The problem was, the article was accompanied by a drawing, done by a freelance artist, of another very successful TV journalist, Cityline's Tracy Moore.
The Globe ran a correction in Tuesday's paper that said: Correction: An illustration in Monday's Life Arts section with a story about The Social host Traci Melchor incorrectly depicted Cityline's Tracy Moore.
So, how did this happen? I was told that the artist did a Google Image search of "Traci Melchor" and mistakenly chose a photo of Tracy Moore on which he based the illustration. But when I did the search, that picture of Tracy Moore was No. 34 in the list. It followed several other photos that are clearly not Traci Melchor. And when you click on the photo, it says Tracy Moore.
That should give you multiple flags that it was wrong. Not only did the artist make a sloppy mistake without any journalistic check, the error should have been caught by an editor at The Globe because the illustration doesn't look like Ms. Melchor.
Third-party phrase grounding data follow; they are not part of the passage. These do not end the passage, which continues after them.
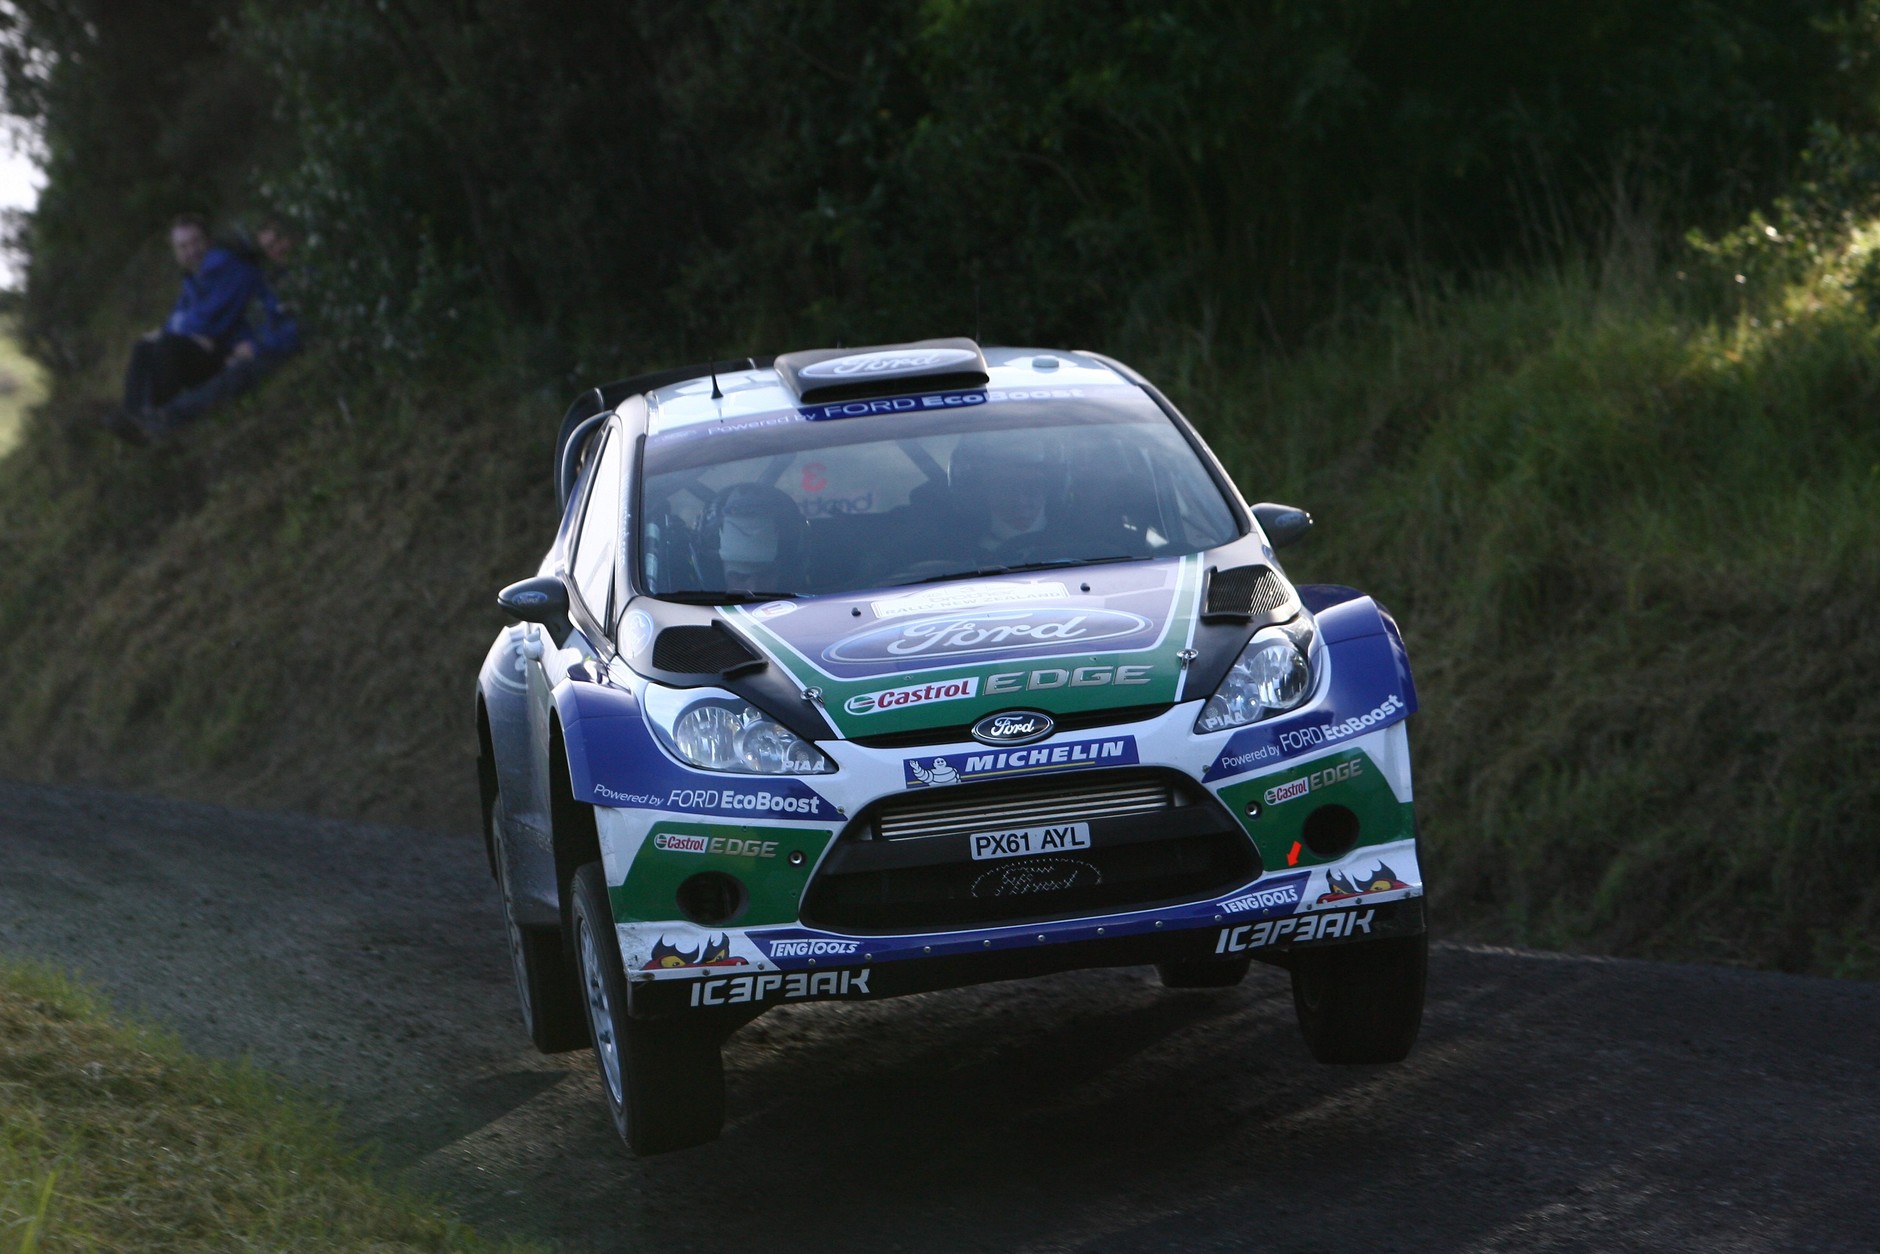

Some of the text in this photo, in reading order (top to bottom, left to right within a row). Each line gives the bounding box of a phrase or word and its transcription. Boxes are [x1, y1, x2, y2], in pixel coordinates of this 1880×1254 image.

[833, 353, 943, 374] Ford
[708, 387, 1084, 435] Powered by FORD EcoBoost
[885, 603, 934, 614] RALLY
[941, 597, 977, 608] NEW
[983, 592, 1060, 602] ZEALAND
[887, 612, 1088, 655] Ford
[877, 665, 1154, 709] Castrol EDGE
[990, 716, 1035, 737] Ford
[1206, 711, 1245, 729] PIAA
[1221, 694, 1404, 769] Powered by FORD EcoBoost
[781, 760, 825, 771] PIAA
[965, 741, 1124, 772] MICHELIN
[1276, 759, 1364, 801] Castrol EDGE
[594, 784, 819, 814] Powered by FORD EcoBoost
[667, 836, 780, 859] Castrol EDGE
[976, 826, 1085, 857] PX61 AYL
The section editor has reached out to Ms. Melchor to apologize, as have I. As with many errors, especially with all-too-frequent mistakes with names, it comes down to a failure to verify and to double-check. Every name, photograph and illustration should be checked.
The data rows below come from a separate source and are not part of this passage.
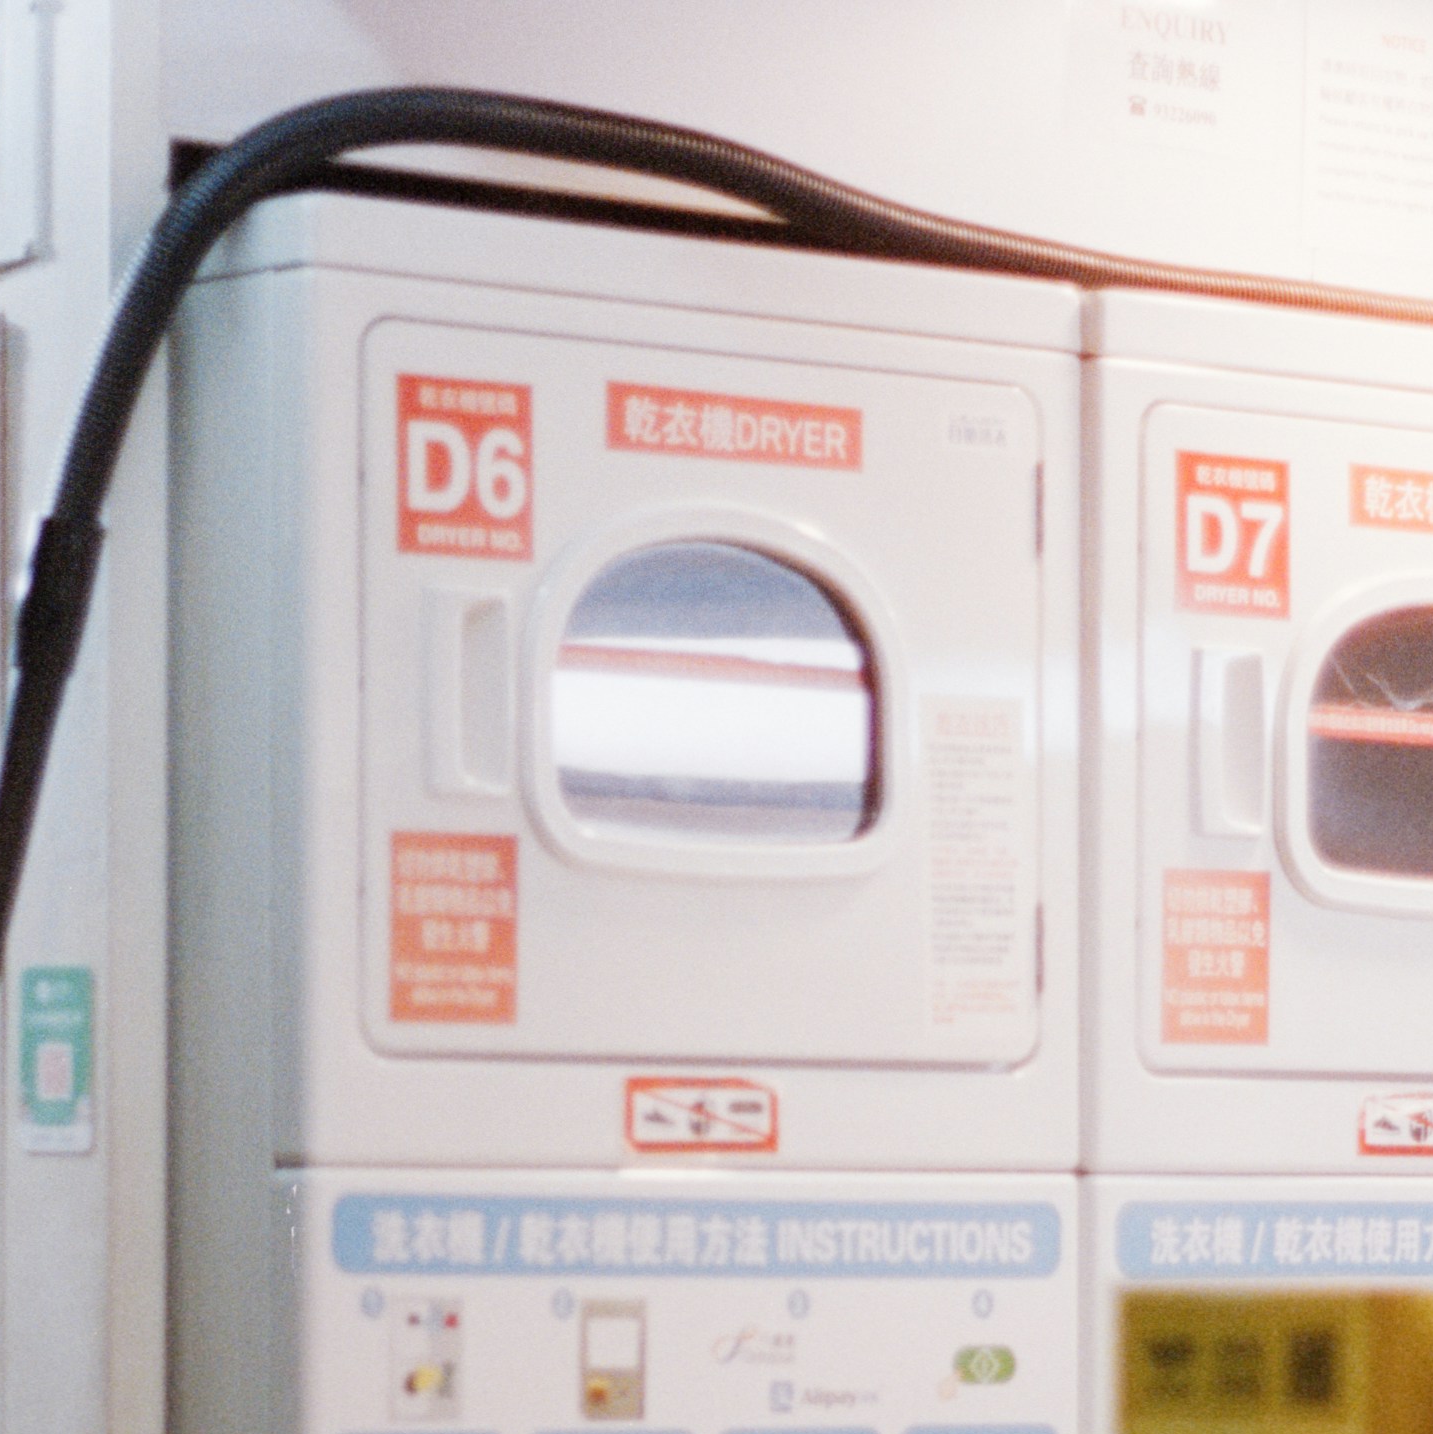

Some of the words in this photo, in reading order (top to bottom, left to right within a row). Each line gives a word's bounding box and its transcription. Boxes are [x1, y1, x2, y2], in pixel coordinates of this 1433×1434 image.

[1119, 5, 1228, 45] ENQUIRY
[1128, 50, 1221, 91] 查詢熱線
[406, 418, 527, 521] D6
[416, 522, 486, 549] DRYER
[1186, 494, 1285, 580] D7
[1194, 584, 1249, 606] DRYER
[776, 1219, 1032, 1266] INSTRUCTIONS
[1150, 1215, 1245, 1264] 洗衣機
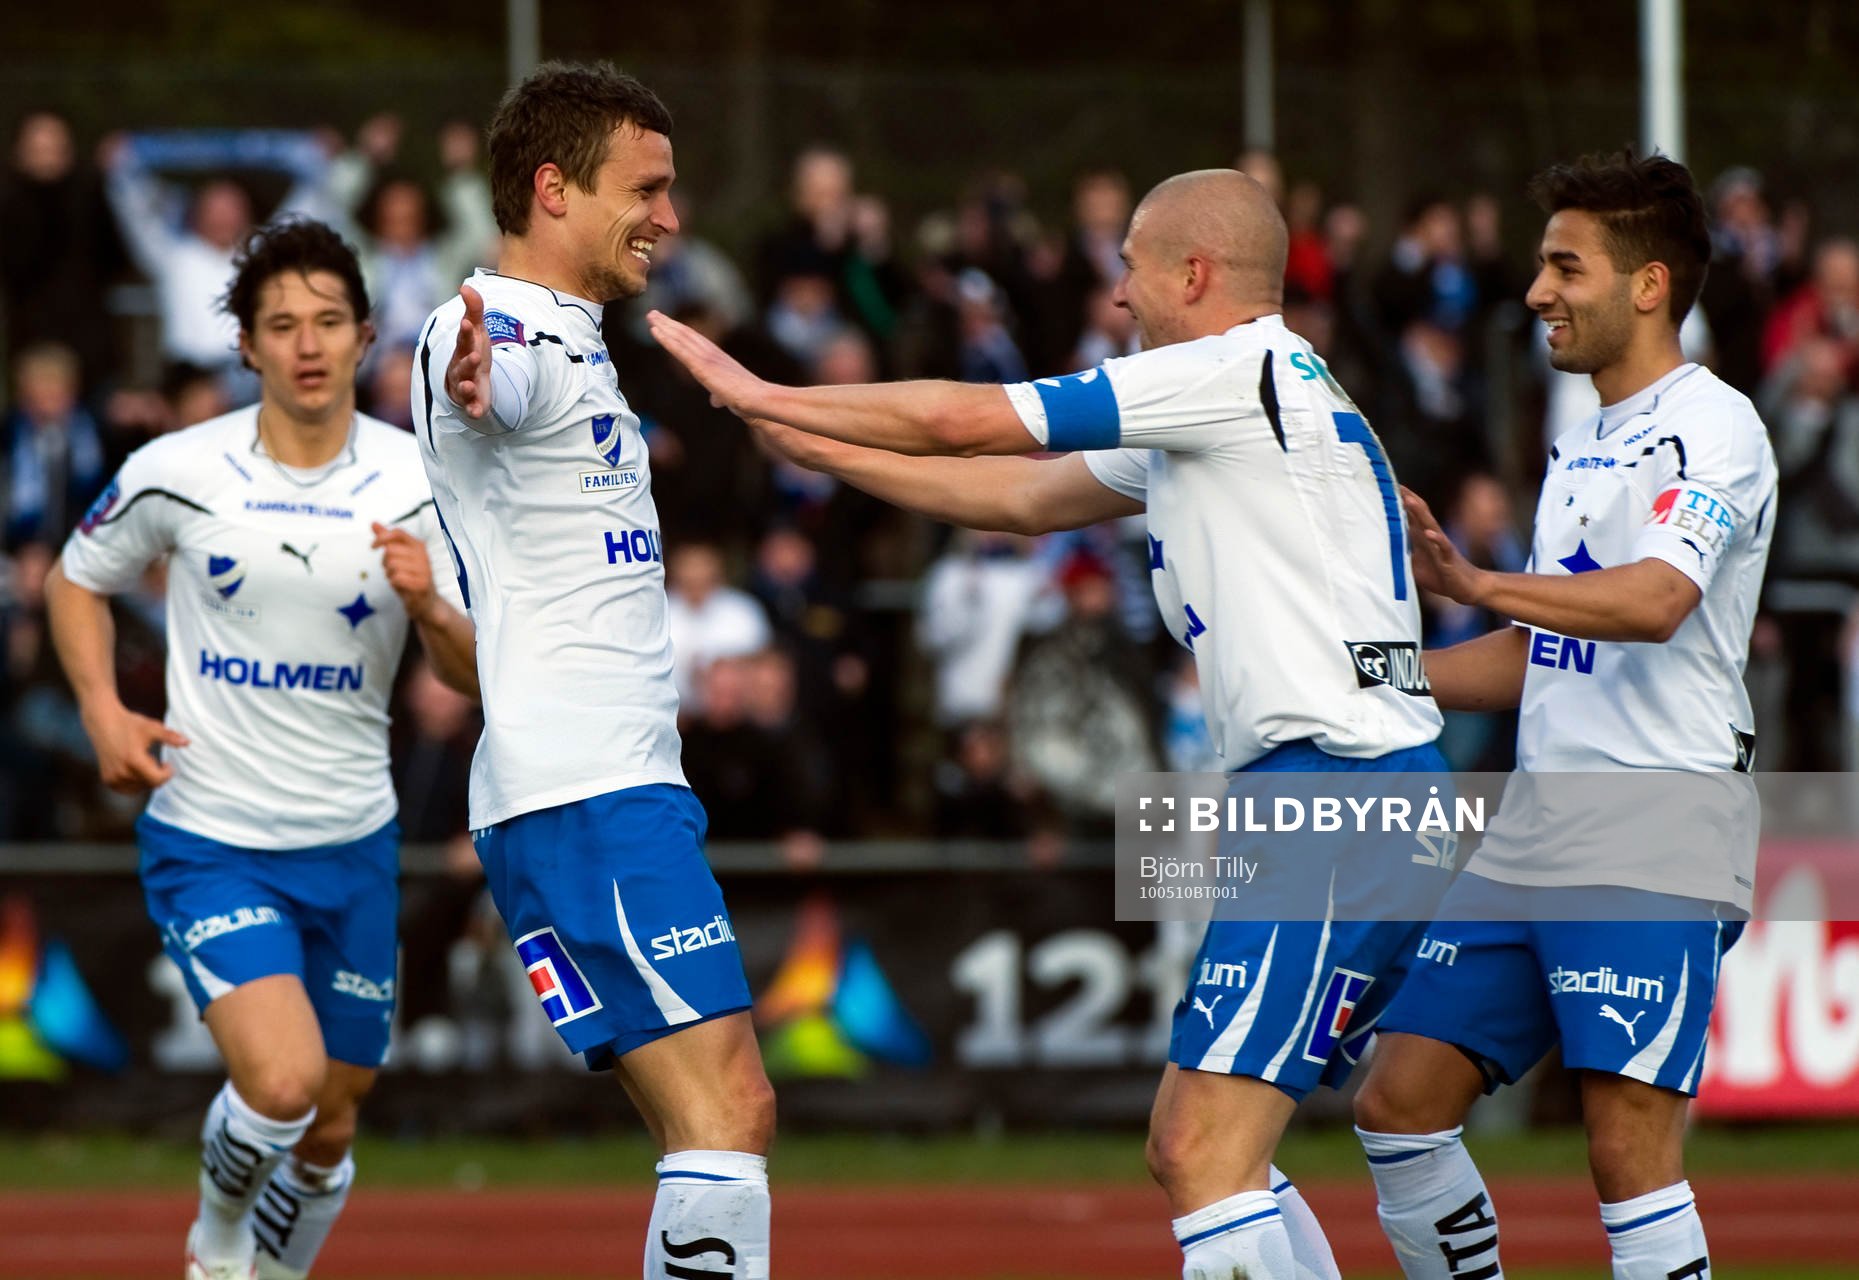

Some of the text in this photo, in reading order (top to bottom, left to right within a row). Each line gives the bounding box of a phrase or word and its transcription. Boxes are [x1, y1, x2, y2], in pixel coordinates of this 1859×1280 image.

[584, 472, 638, 488] FAMILJEN
[200, 649, 364, 692] HOLMEN
[1549, 966, 1664, 1003] stadium
Ms. Melchor mentioned this on her show Thursday and asked quite rightly how this mistake could have happened. "Is it one size fits all for TV Tracys/Tracis? I don't have long hair."
She noted that she will never have the correct article with the correct illustration in its entirety and for that The Globe editors are very sorry.
As Ms. Melchor noted on air, the Life editor has written her a letter of apology, but she and her co-hosts are correct to say that while lots of mistakes are made, the normal standards of journalism fell far short here.